Когда в замке прокручивается ключ, я хоть и пытаюсь тереть щеки, но выгляжу ужасно. Зареванная, с опаской плетусь к двери. Андрей садится на тумбу и, пока мое сердце отплясывает джигу-дрыгу, резко стягивает кеды и протягивает вдоль стенки ноги.
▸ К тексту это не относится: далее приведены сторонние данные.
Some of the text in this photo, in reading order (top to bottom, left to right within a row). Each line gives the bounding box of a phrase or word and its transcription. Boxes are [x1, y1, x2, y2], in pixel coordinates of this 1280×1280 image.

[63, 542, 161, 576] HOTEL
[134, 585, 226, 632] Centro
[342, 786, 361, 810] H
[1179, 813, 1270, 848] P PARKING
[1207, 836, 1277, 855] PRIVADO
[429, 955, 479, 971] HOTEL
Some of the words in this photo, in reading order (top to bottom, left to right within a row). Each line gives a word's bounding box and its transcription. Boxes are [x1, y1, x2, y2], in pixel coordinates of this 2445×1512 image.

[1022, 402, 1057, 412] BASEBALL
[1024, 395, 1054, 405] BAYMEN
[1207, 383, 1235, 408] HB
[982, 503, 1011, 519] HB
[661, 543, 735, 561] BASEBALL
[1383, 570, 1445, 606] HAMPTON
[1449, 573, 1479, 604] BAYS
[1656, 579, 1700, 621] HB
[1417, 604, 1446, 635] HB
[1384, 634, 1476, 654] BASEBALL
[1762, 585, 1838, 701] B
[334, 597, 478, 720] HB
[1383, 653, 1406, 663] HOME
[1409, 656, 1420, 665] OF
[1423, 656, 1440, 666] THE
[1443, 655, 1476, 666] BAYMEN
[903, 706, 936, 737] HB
— Капец, как я устал. Представляешь, Жануль, в нашу сторону никто не ехал. Вообще никто еще не собирался расходиться. А я там уже заколупался, думал пораньше к тебе вернуться. Поперся на автобус, а оттуда с двумя пересадками. На такси-то жалко, решил сэкономить. И в итоге опоздал на тот, второй. Пришлось идти через мост, дальше туда, где «Два гуся». Я ж баран упертый, ну ты знаешь. Потом увидел клумбу, решил надрать тебе цветов, — сует мне несколько поломанных веток. — И какая-то бабка, вместо того чтобы порадоваться, что у нас любовь, давай угрожать мне полицией. А куда ей эти цветы? Завянут, и все. А я радость тебе дарю. Эй, ты ревела, что ли? Что случилось?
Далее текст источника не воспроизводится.